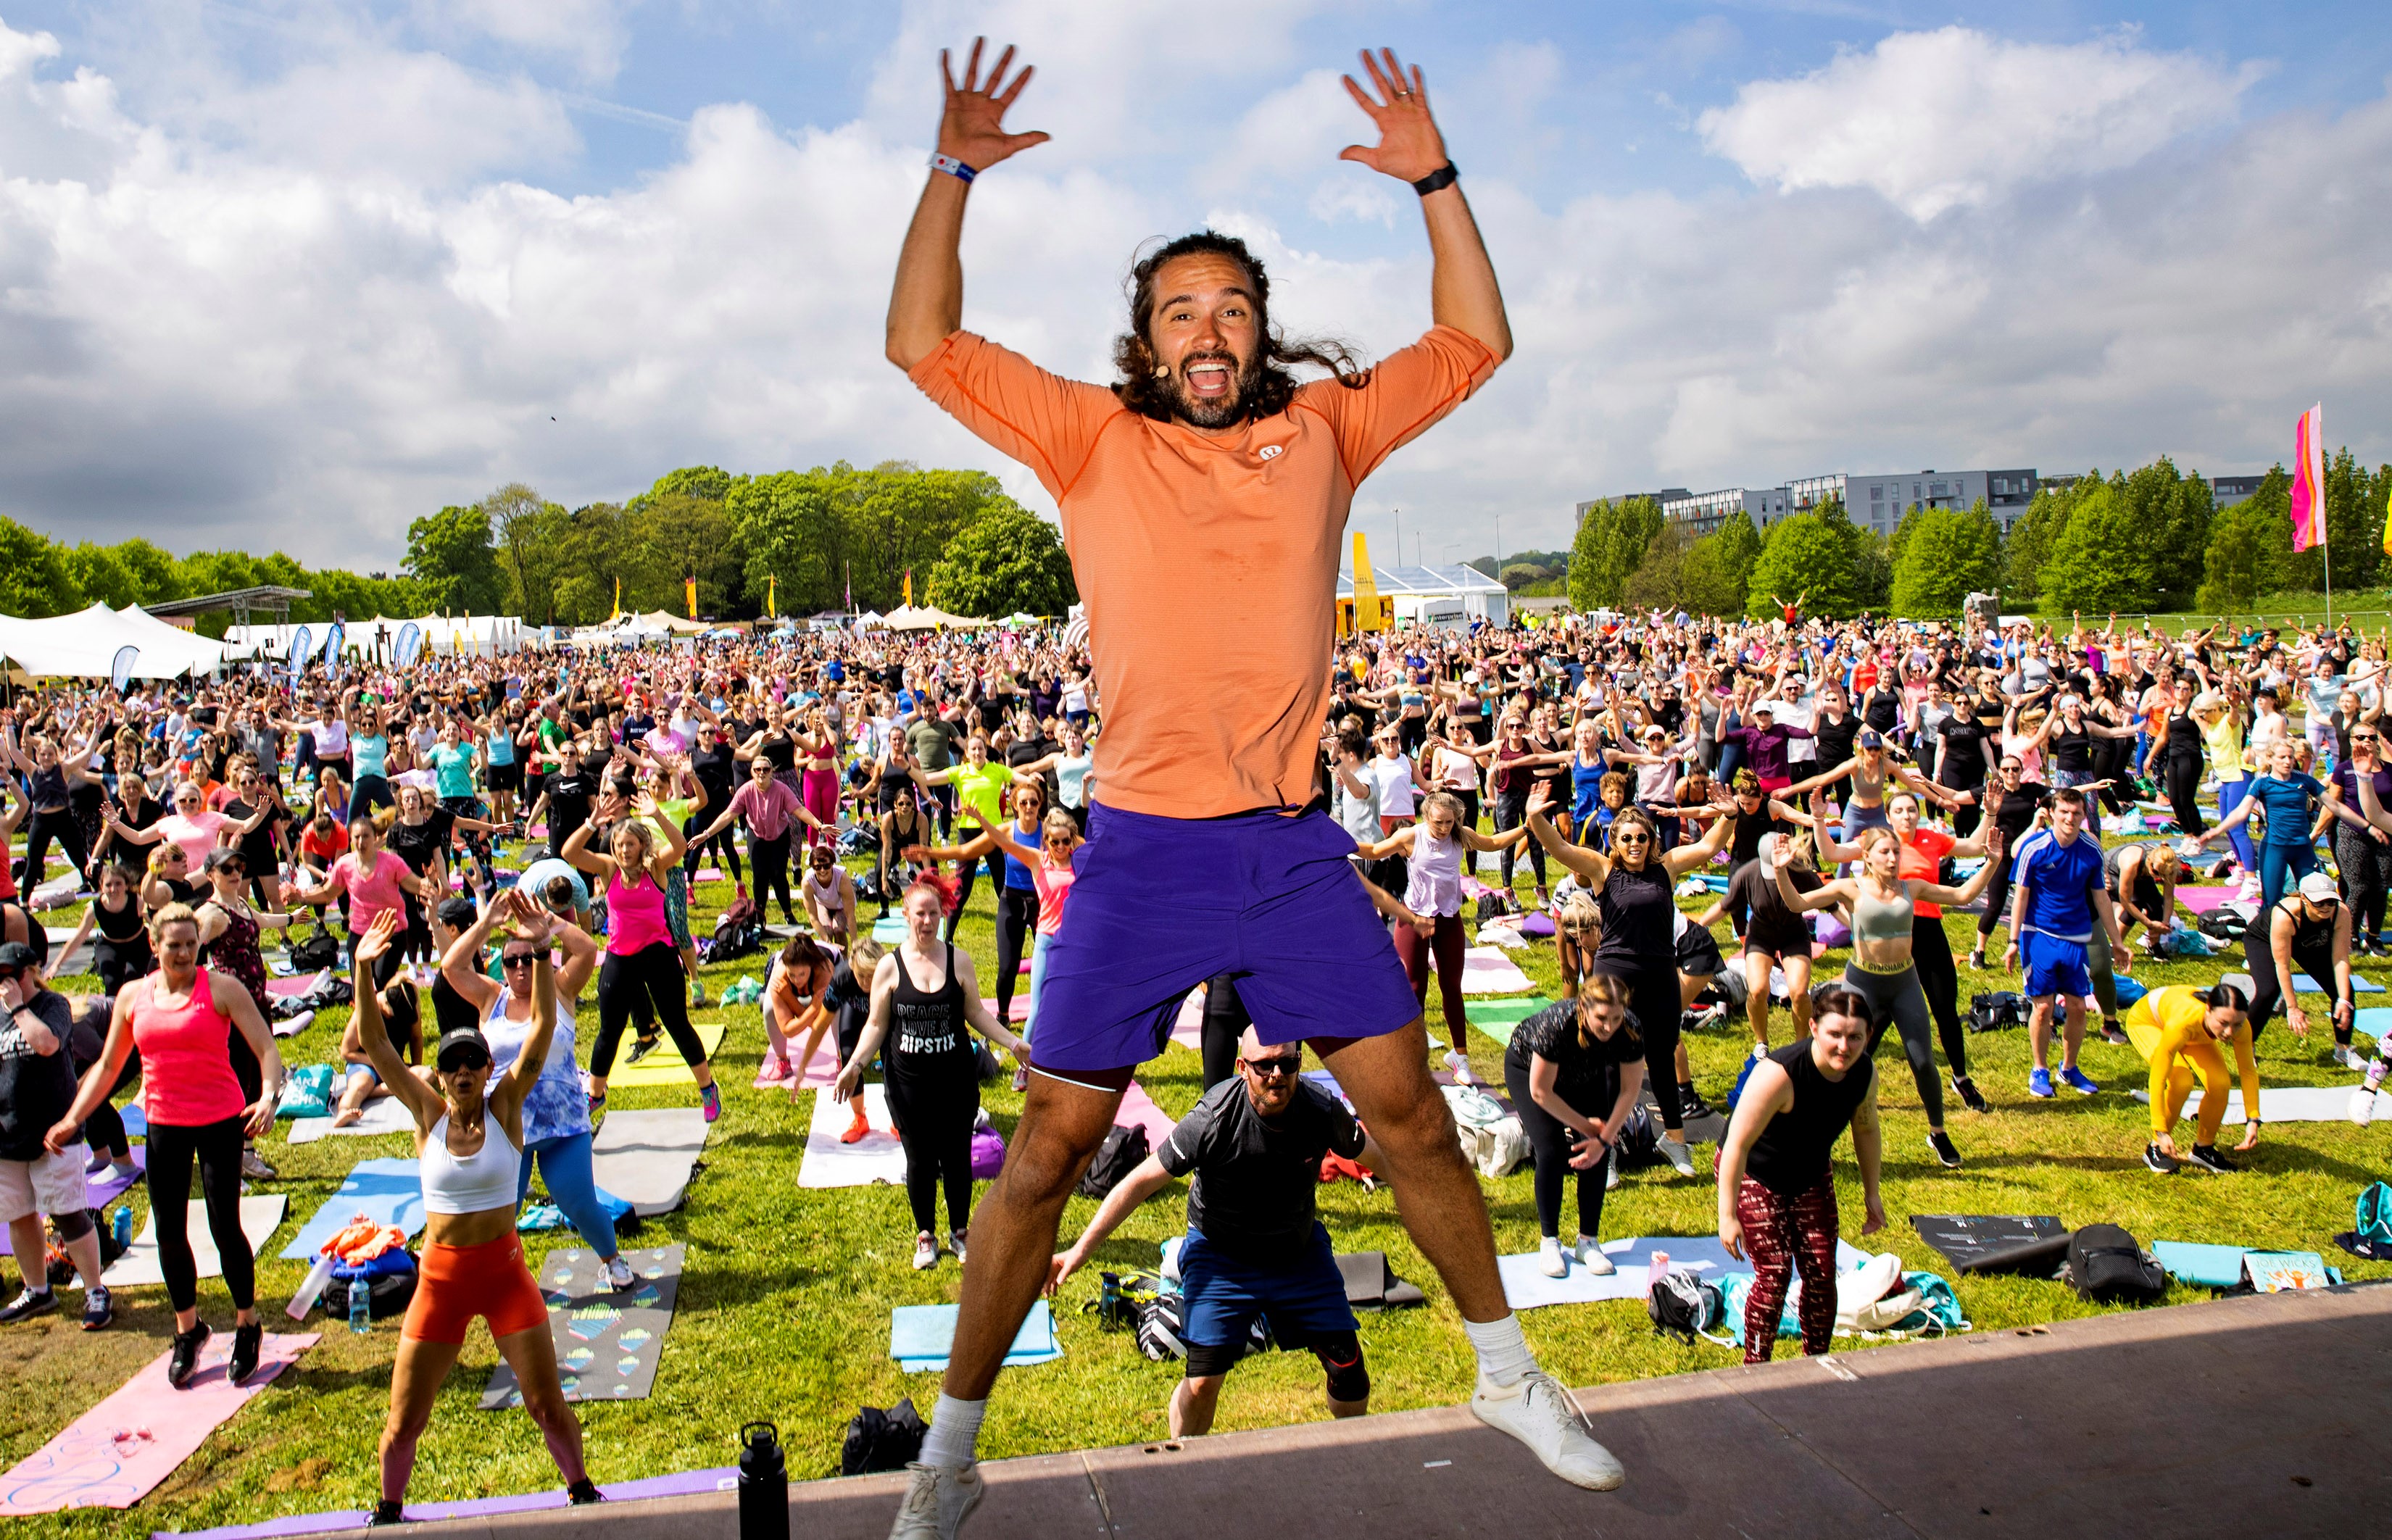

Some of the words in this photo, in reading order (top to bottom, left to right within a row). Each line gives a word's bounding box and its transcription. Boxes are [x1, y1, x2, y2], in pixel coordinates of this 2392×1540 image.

[1429, 612, 1463, 622] nterprise
[1868, 961, 1906, 973] GYMSHARK
[897, 1003, 952, 1020] PEACE,
[902, 1019, 936, 1036] LOVE
[939, 1020, 950, 1036] &
[900, 1033, 956, 1054] RIPSTIX
[2256, 1257, 2275, 1268] JOE
[2278, 1256, 2317, 1269] WICKS

The task: Output nothing but the records, word for word, and none of their pictures.

Result:
Some of the words in this photo, in reading order (top to bottom, left to right within a row). Each line gives a word's bounding box and its transcription. Boxes are [x1, y1, x2, y2], in pixel coordinates of this 2392×1540 image.

[1429, 612, 1463, 622] nterprise
[1868, 961, 1906, 973] GYMSHARK
[897, 1003, 952, 1020] PEACE,
[902, 1019, 936, 1036] LOVE
[939, 1020, 950, 1036] &
[900, 1033, 956, 1054] RIPSTIX
[2256, 1257, 2275, 1268] JOE
[2278, 1256, 2317, 1269] WICKS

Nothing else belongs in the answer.